In this work, the potential of data analysis methods in obtaining quantitative and qualitative chemical information from mass spectrometry imaging (MSI) data about biological tissue will be studied. In recent years, due to the increasing high-resolution power of mass spectrometers, the number of the mass-to-charge (m/z) of mass spectra has also become very high, which leads to the production of very large data [1]. So, in raw data, the amount of information obtained from the sum of all spectra is very more than the required value. Ignoring much of the data does not fully exploit the potential of MSI techniques [2]. Using this method, both spatial distribution and spectral information of analyzed samples can be obtained. However, these main MSI bugs are mostly dependent on the complexity of the real target samples and the huge size of the data generated by this method [3]. Therefore, chemometrical tools are used to solve this problem. The present contribution is about the implementation of sparsity constraint in multivariate curve resolution-alternating least square (MCR-ALS) technique for analysis of three-way MSI data arrays (two spatial and one m/z dimensions) [4]. In the present study, the L1-regularization paradigm has been implemented in each iteration of the MCR-ALS algorithm in order to force the algorithm to return sparser mass spectra.
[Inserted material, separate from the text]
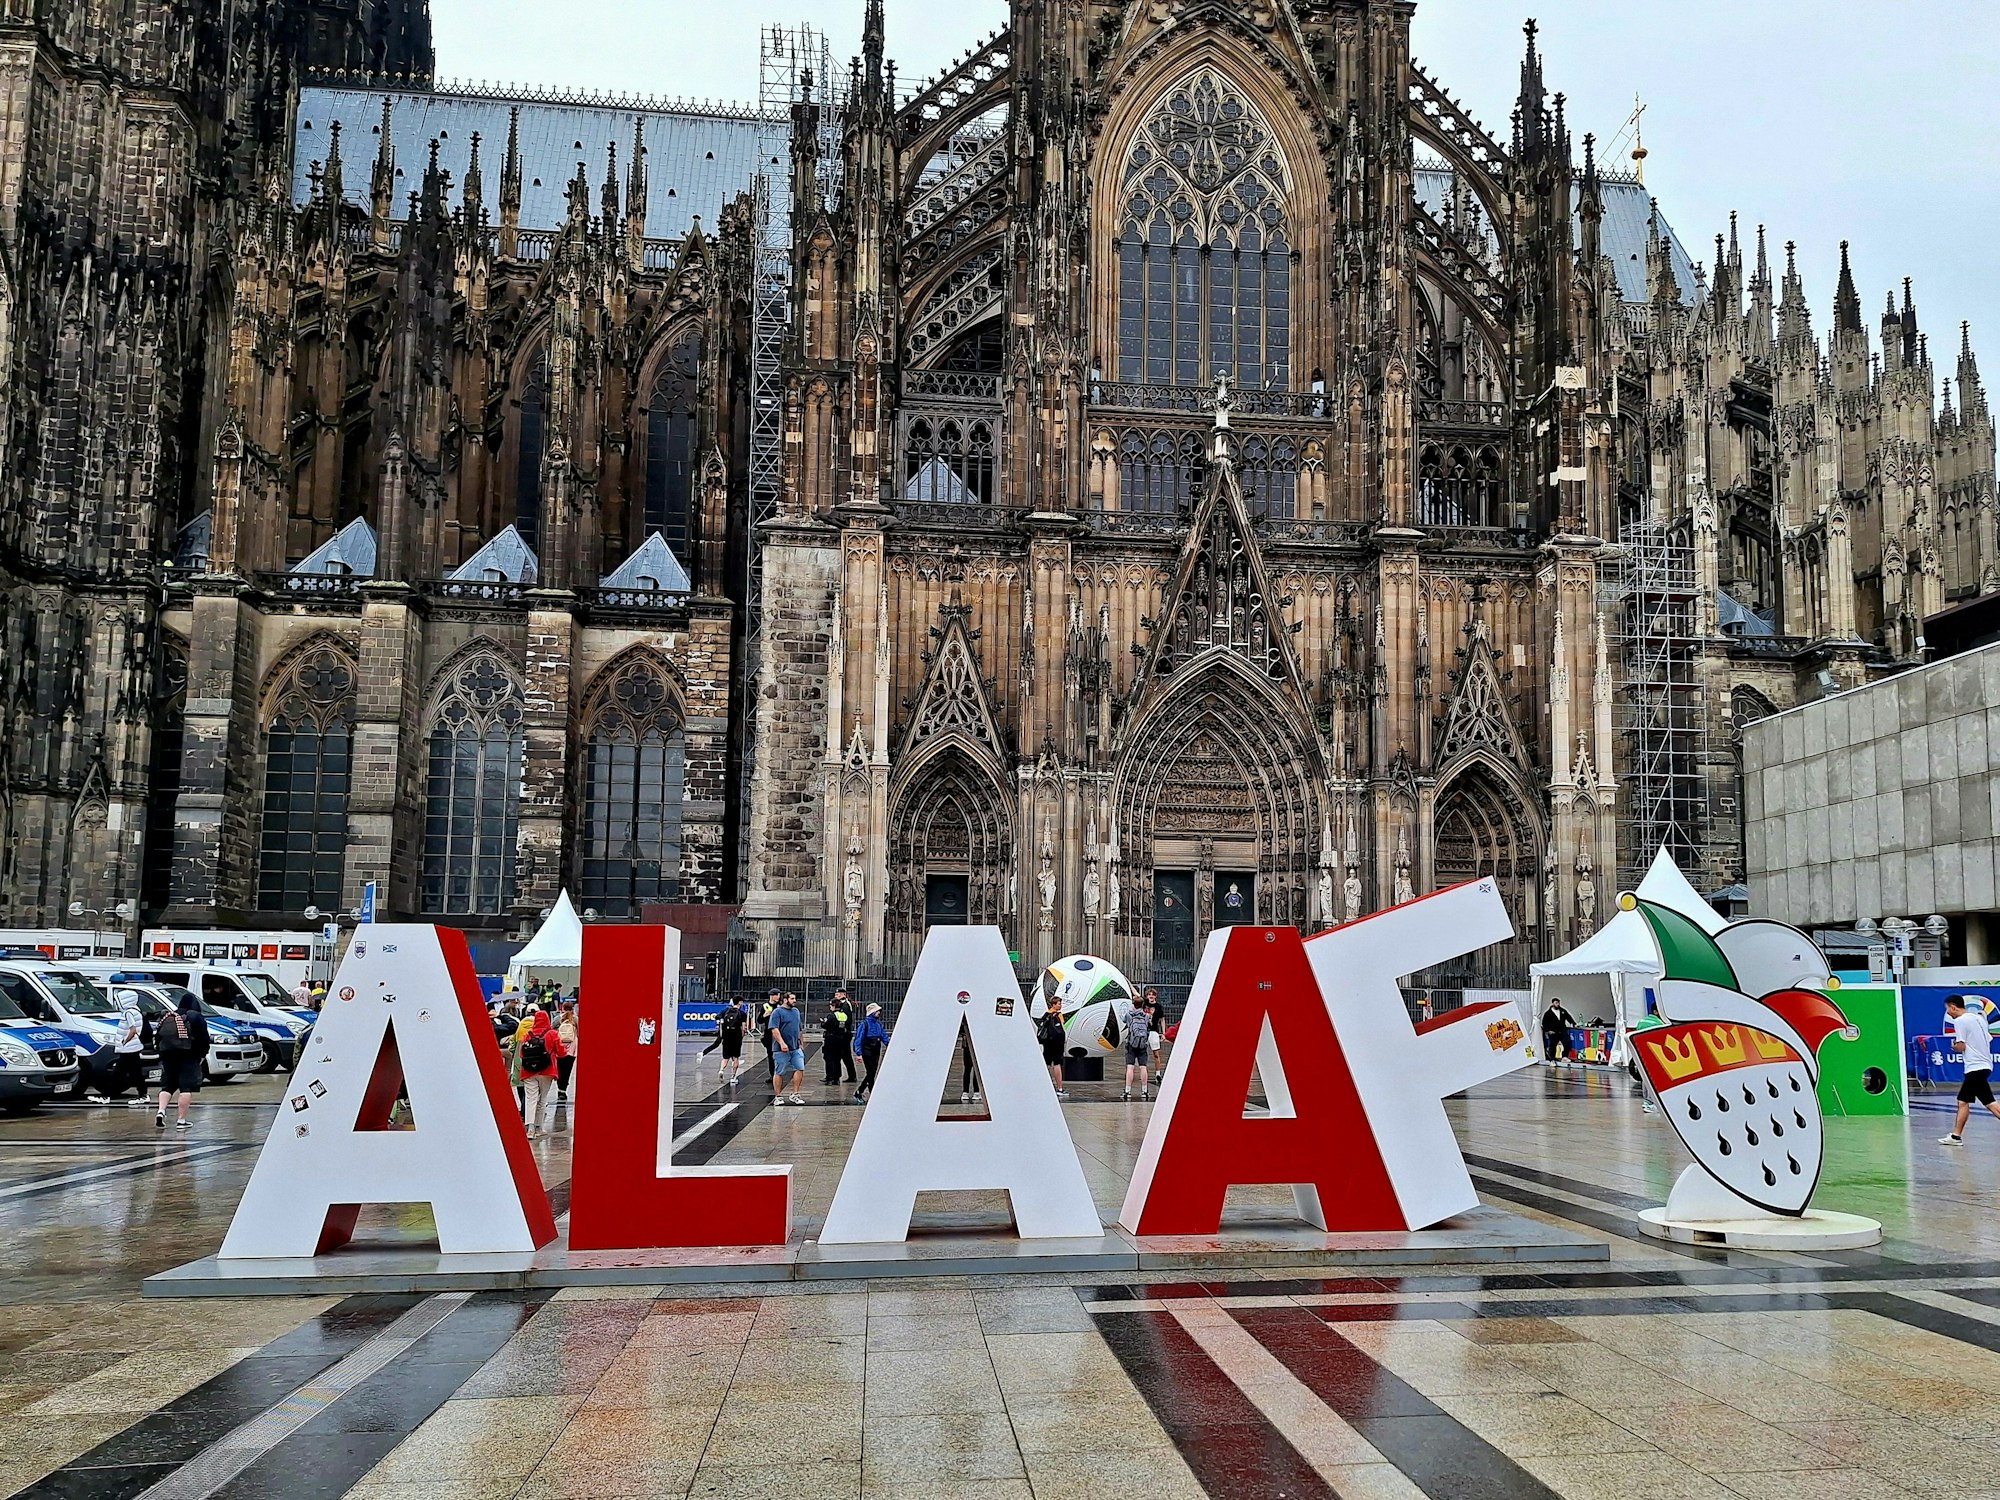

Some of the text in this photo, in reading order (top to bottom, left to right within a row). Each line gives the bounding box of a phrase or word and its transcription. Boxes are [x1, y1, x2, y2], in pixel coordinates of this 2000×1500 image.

L1-regularization has been applied by using the least absolute shrinkage and selection operator (Lasso) instead of the ordinary least square [5]. The advantages of the application of this method are shown for several examples of different data consisting of two three-way simulated data with 3 components that each component has a specific pattern to examine its effect on their interactions with each other and the background and also on a real MS data image of a mouse brain thin layer that was obtained by MALDI-MSI at (NERSC) [6]. The simulated data in this work have been fabricated and studied in different background modes with and without overlapping m/z channels, which makes this study comprehensive. Finally, the effect of the sparsity constraint has been explored on the possible solutions in MCR methods is investigated. The results in this work showed that the implementation of this constraint reduces the extent of rotational ambiguity in MCR results and can be useful for solving MS data with overlapping in mass spectra and concentration profiles [4].